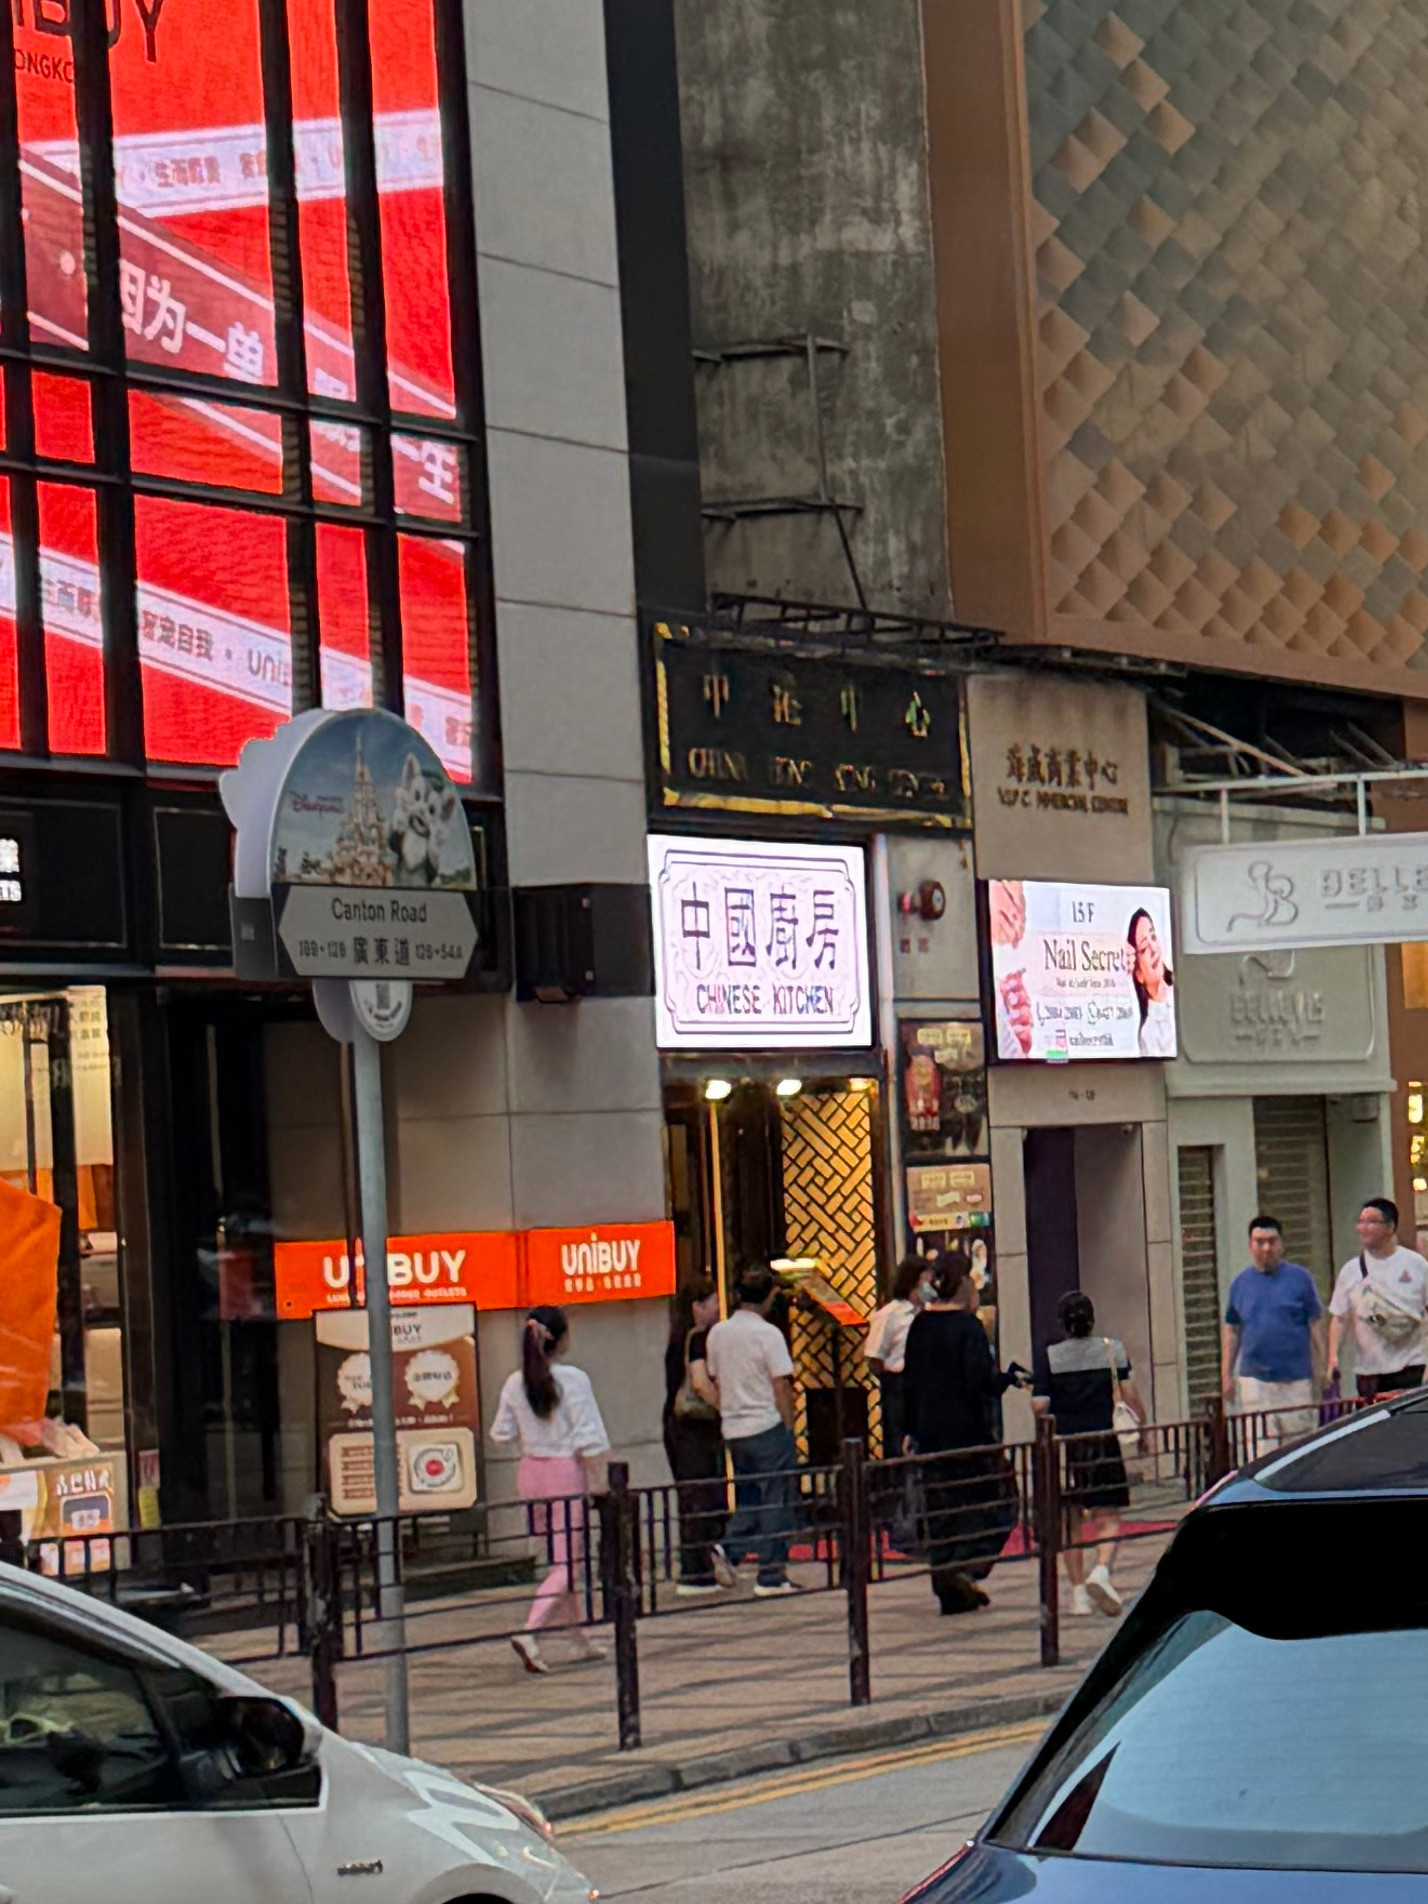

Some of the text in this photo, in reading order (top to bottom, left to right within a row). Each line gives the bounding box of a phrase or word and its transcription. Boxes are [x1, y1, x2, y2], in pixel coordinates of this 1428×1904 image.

[332, 897, 428, 923] Canton Road
[680, 880, 840, 971] 中國廚房
[353, 936, 410, 967] 廣東道
[1043, 938, 1126, 973] Nail Secret
[696, 983, 834, 1016] CHINESE KITCHEN
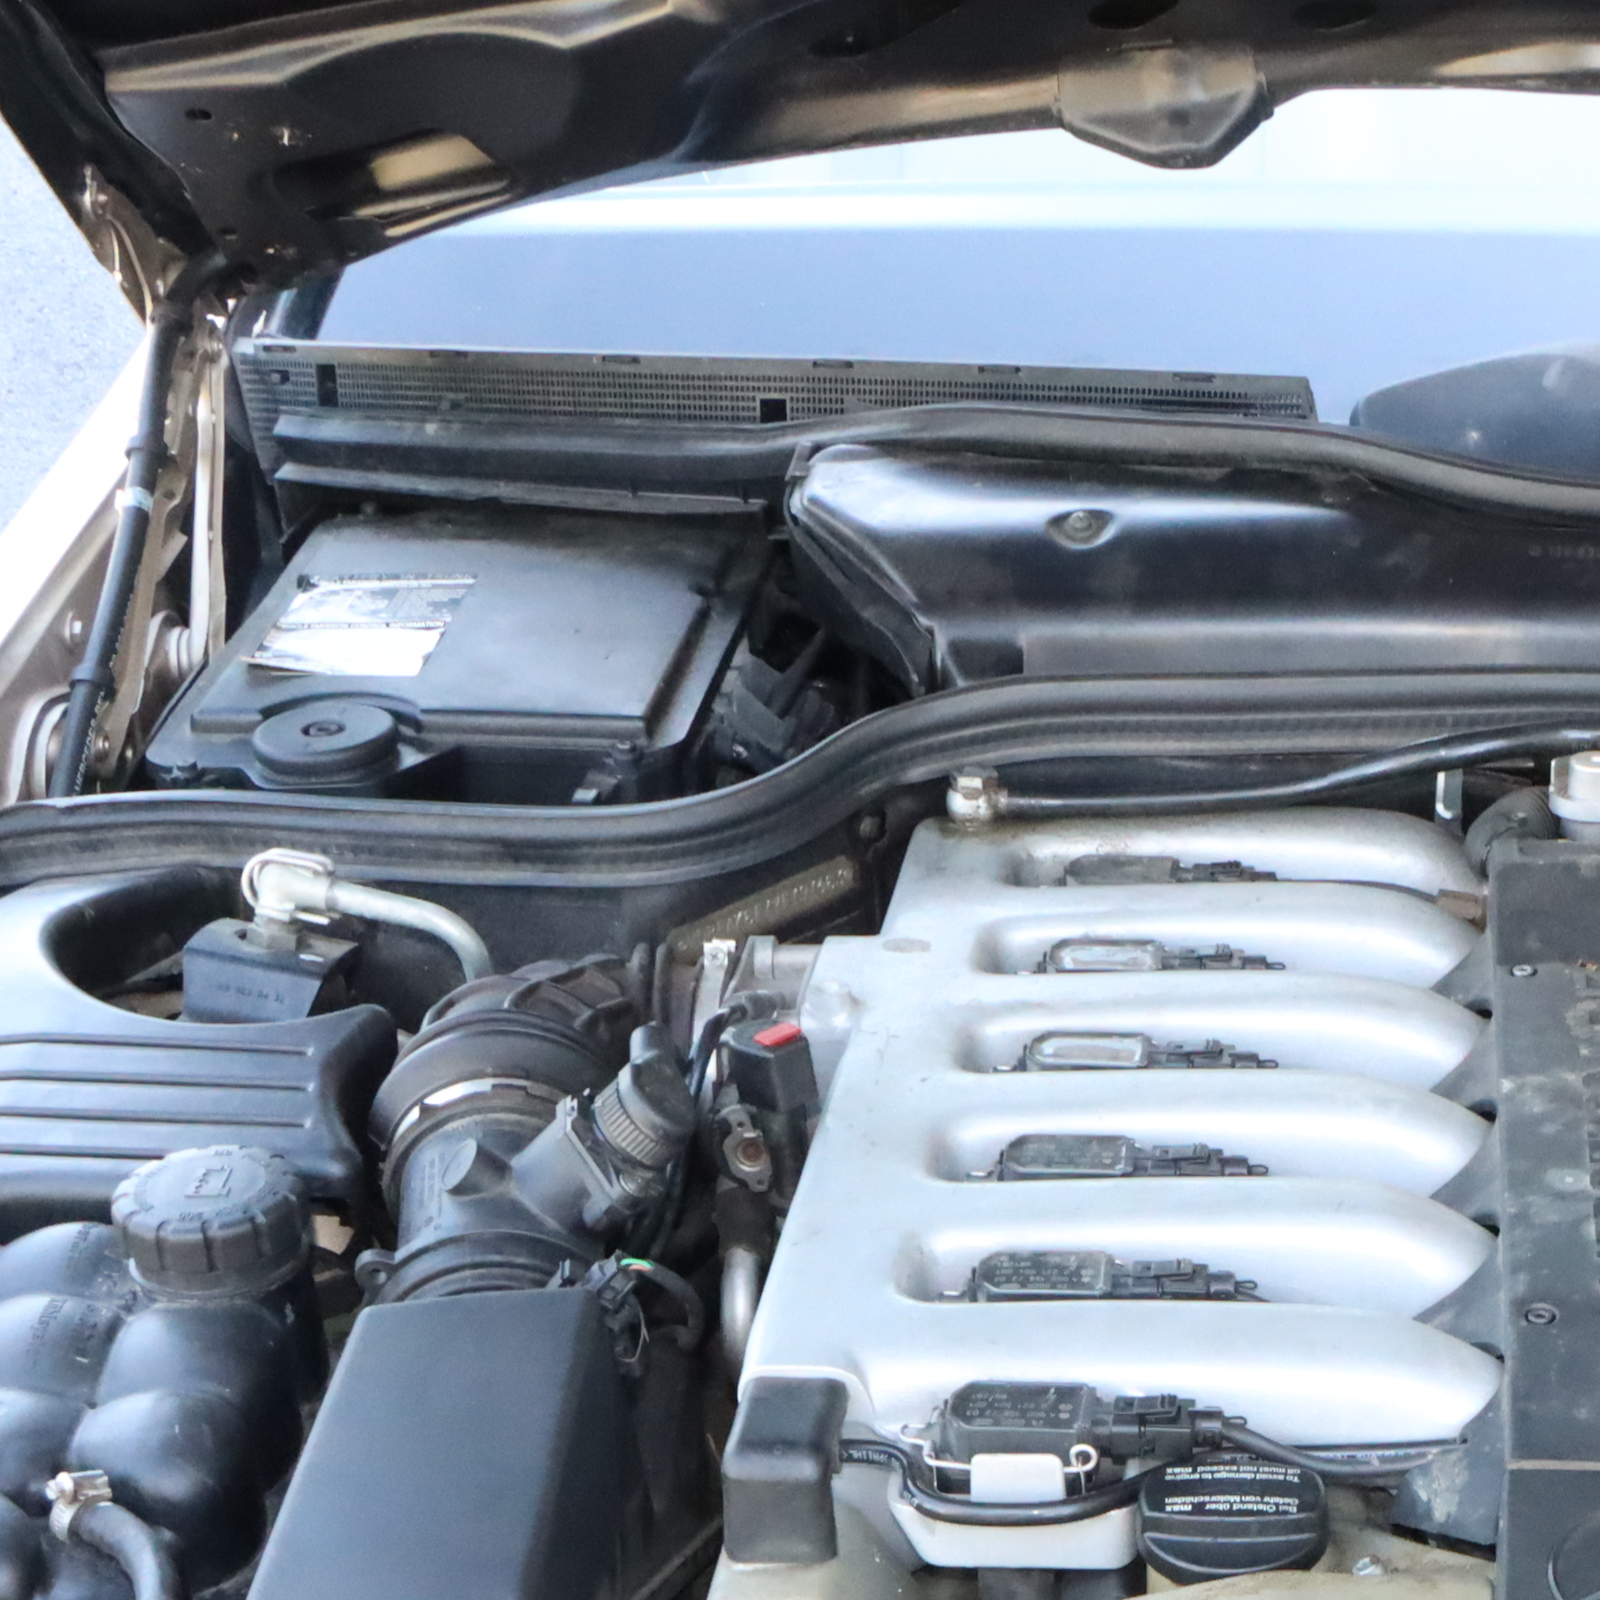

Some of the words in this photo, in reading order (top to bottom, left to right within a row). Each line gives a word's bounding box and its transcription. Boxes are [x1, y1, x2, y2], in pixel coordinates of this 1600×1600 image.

[1256, 1473, 1285, 1481] avoid
[1286, 1474, 1300, 1483] To
[1164, 1504, 1192, 1512] max

***

> [EXERCISE OBJECTIVE]
Set down nothing but the lines from the one containing "Some of the words" through the final line above, exactly as written.

> [REPLY]
Some of the words in this photo, in reading order (top to bottom, left to right within a row). Each line gives a word's bounding box and its transcription. Boxes are [x1, y1, x2, y2], in pixel coordinates of this 1600×1600 image.

[1256, 1473, 1285, 1481] avoid
[1286, 1474, 1300, 1483] To
[1164, 1504, 1192, 1512] max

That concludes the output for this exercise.